Clemens' case mirrors Barry Bonds' in almost every way: the great early career, the need to sustain it, the alleged steroid use, the late-age peak, the defiance in denial, the tarnishing of reputation, the numbers that in retrospect seem as inflated as Bonds' musculature. Bonds more or less escaped, getting nailed on a specious obstruction-of-justice charge; Clemens is fighting for the same, what with his standing as one of the five best pitchers ever now vamoose.

Even if Clemens walks free, he will wear the Scarlet S. And accordingly, perhaps the most surefire Hall of Famer of his generation no longer has the no-doubt case of Derek Jeter and Mariano Rivera and …

9. Albert Pujols, who has Koufax'd himself in with just 12 years in the major leagues. You wouldn't know looking at Pujols thus far: his zero home runs and .243 batting average and .324 slugging percentage – which ranks 159th in baseball among the 231 hitters with at least 25 plate appearances.

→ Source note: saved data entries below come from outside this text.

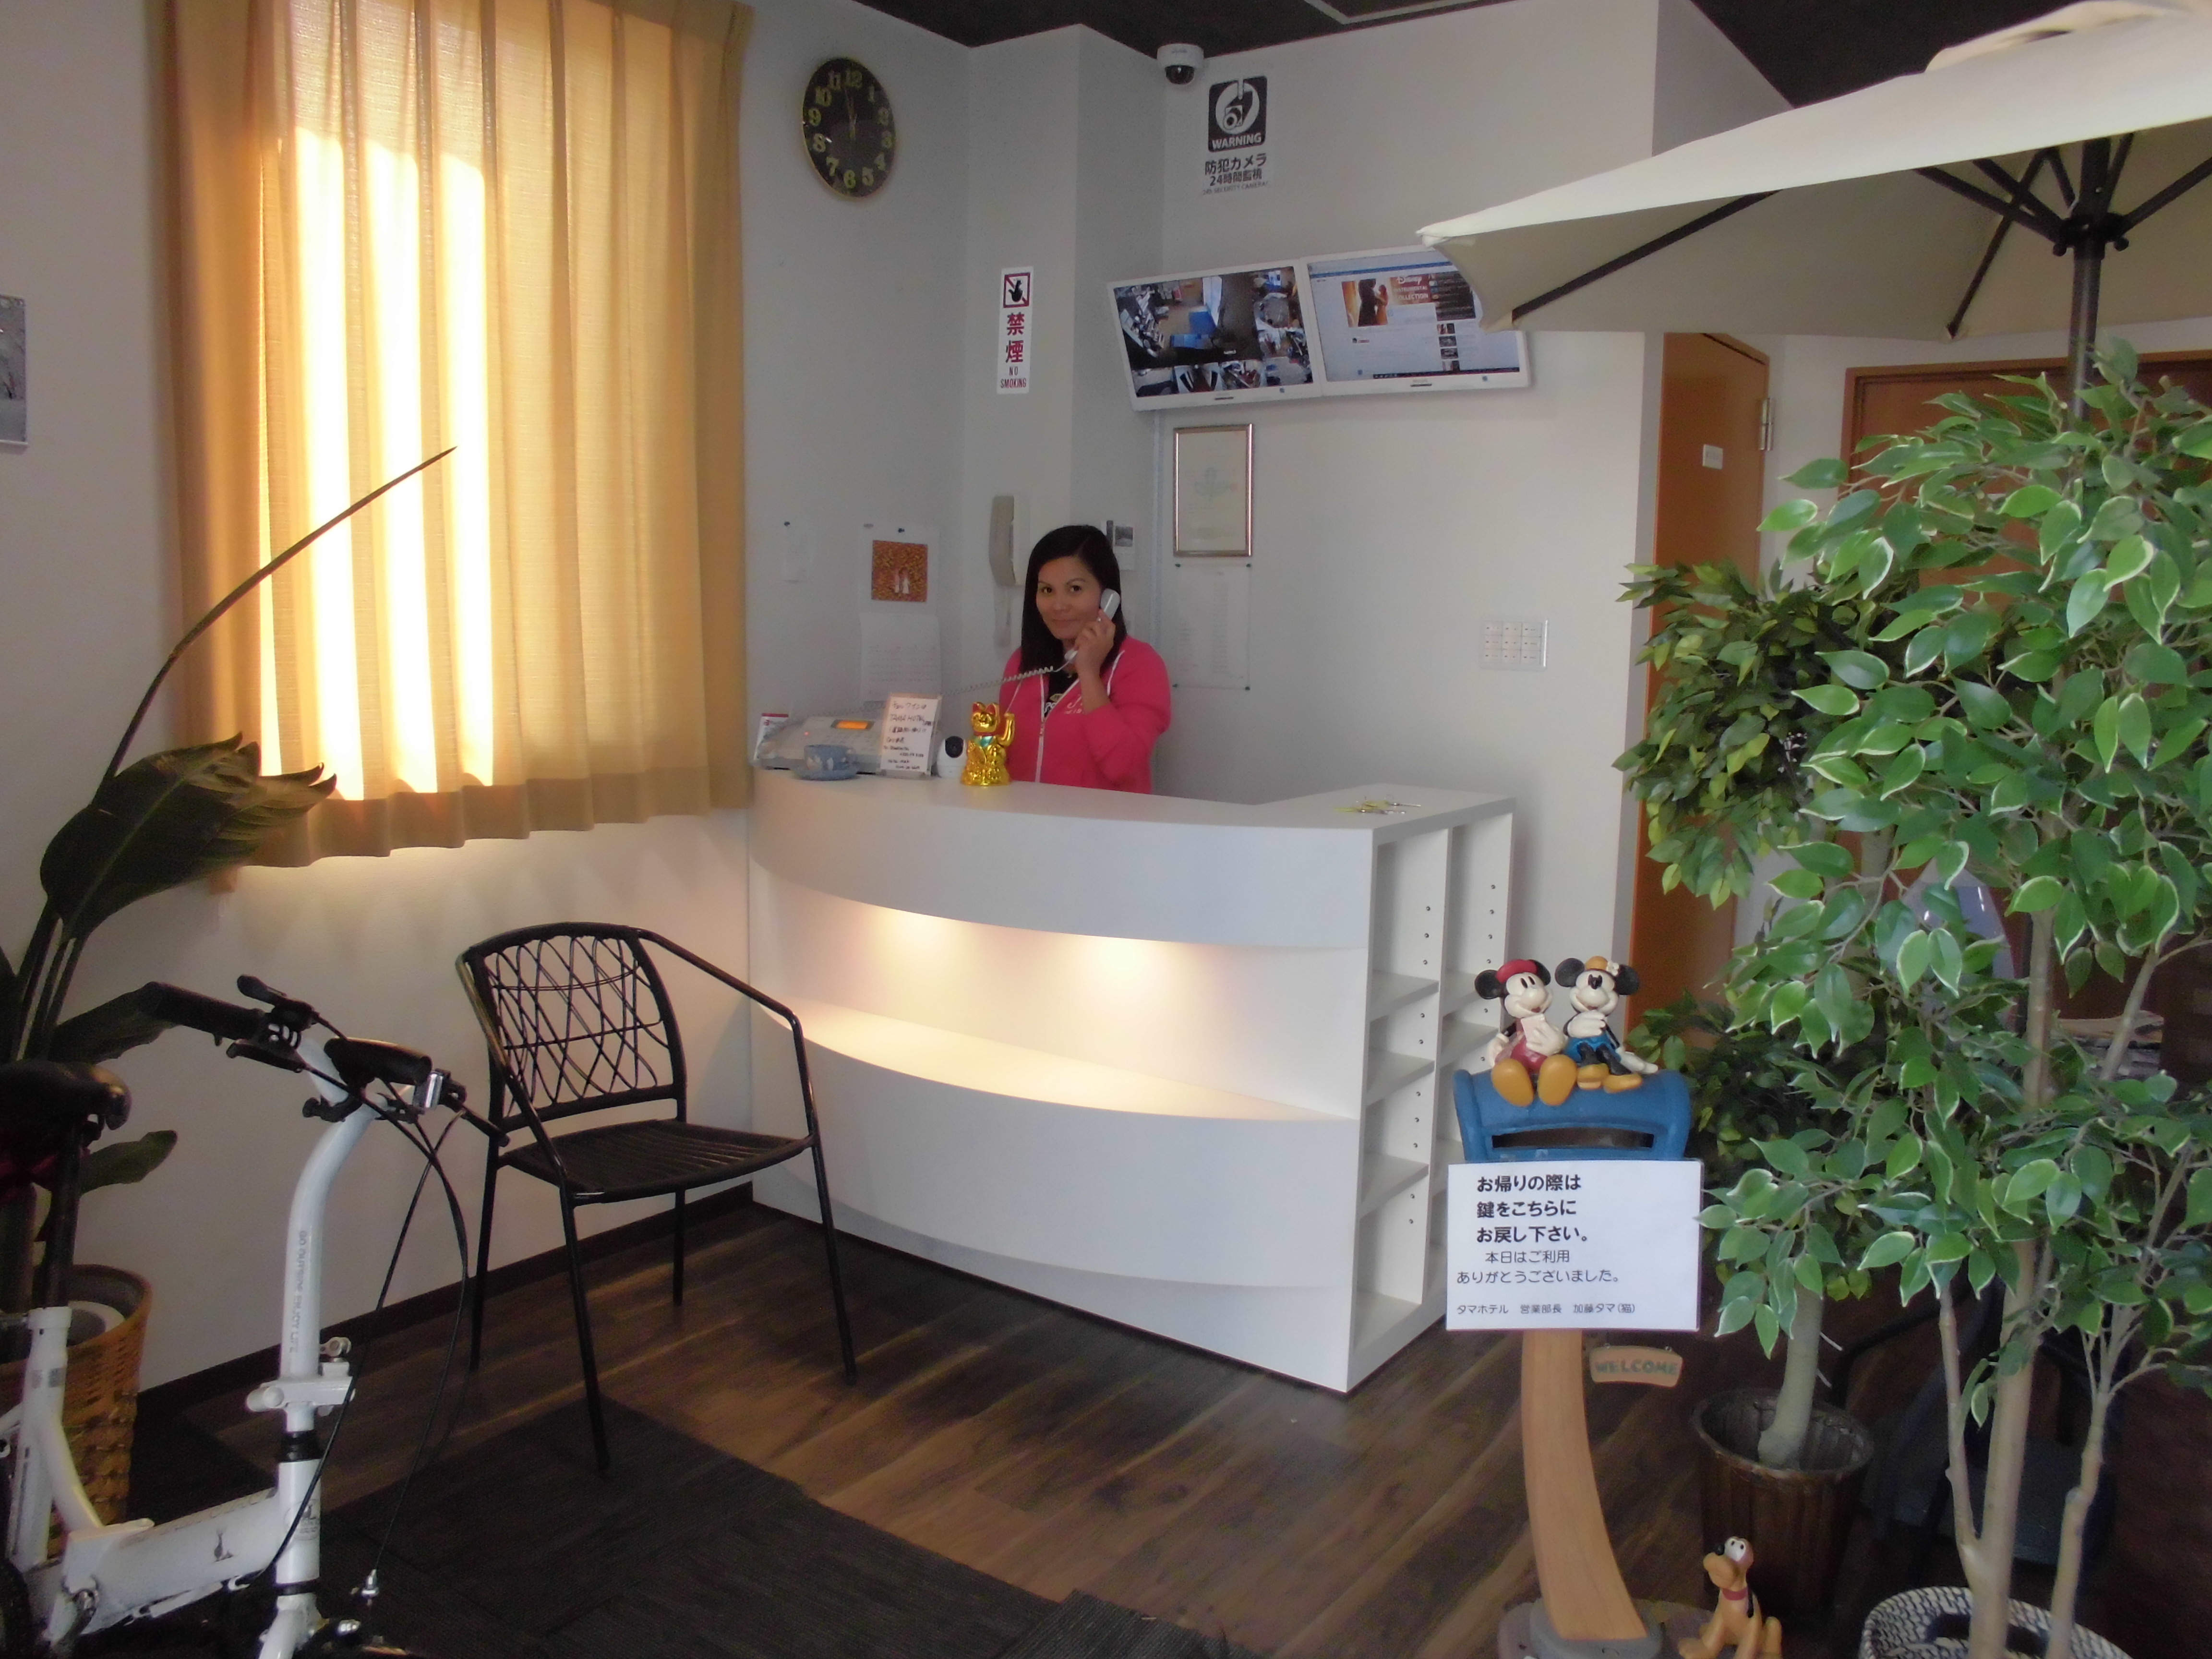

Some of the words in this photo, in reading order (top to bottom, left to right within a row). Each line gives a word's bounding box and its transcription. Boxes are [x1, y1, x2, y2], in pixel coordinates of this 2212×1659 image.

[816, 86, 832, 107] 10
[808, 107, 821, 127] 9
[813, 133, 826, 153] 8
[1211, 132, 1262, 150] WARNING
[826, 156, 839, 176] 7
[874, 152, 886, 171] 4
[1205, 153, 1267, 176] 防犯カメラ
[862, 167, 874, 187] 5
[1210, 168, 1262, 186] 24時間監視
[1396, 276, 1422, 285] Disney
[1005, 312, 1025, 363] 禁煙
[1009, 366, 1018, 376] NO
[1000, 378, 1027, 388] SMOKING
[1477, 1174, 1581, 1192] お帰りの際は
[1477, 1200, 1577, 1218] 鍵をこちらに
[299, 1230, 308, 1246] GO
[1477, 1226, 1588, 1243] お戻し下さい。
[1485, 1250, 1570, 1264] 本日はご利用
[296, 1248, 306, 1291] OUTSIDE
[1457, 1270, 1619, 1285] ありがとうございました。
[292, 1295, 302, 1329] ENJOY
[1457, 1304, 1509, 1314] タマホテル
[1520, 1304, 1563, 1314] 営業部長
[289, 1331, 300, 1354] LIFE
[1596, 1359, 1678, 1376] WELCOME

It's also tied with Jose Bautista's, and, like Pujols, Bautista will be fine. He'll hit plenty of home runs and drive in lots of runs and do his Pujolsian thing. Will he do it $240 million worth over the next 10 years? Probably not, though Arte Moreno gifted him a quarter-billion dollars not as much for 2021 as a championship in '12 or '13. These Angels, after getting beaten around by the Yankees on Sunday night, aren't quite yet blazing toward the former.

And yet by now, whether it's because of Chris Shelton or …

10. Matt Kemp in 2010, we should know: April often is a mirage.

Yeah, we said Kemp. We've seen almost this very performance before. Two years ago, Kemp's numbers over his first 10 games were .333/.385/.756 with five homers and 15 RBIs. And that ended up being the worst year of his career, one plagued by ineffectiveness on offense (a .310 OBP), defense (a dreadful covering of center field) and drama (Rihanna tends to be a nice distraction).

However misleading the performance in 2010, this one is real – a lot more real than the Dodgers' 9-1 record. No, Kemp isn't going to hit 97 home runs and score 259 runs. His slugging percentage won't have a dot in the middle, let alone a 7 or 8 as the first number. For all he can't do, one thing is evident.

Right now, there's no better player in baseball.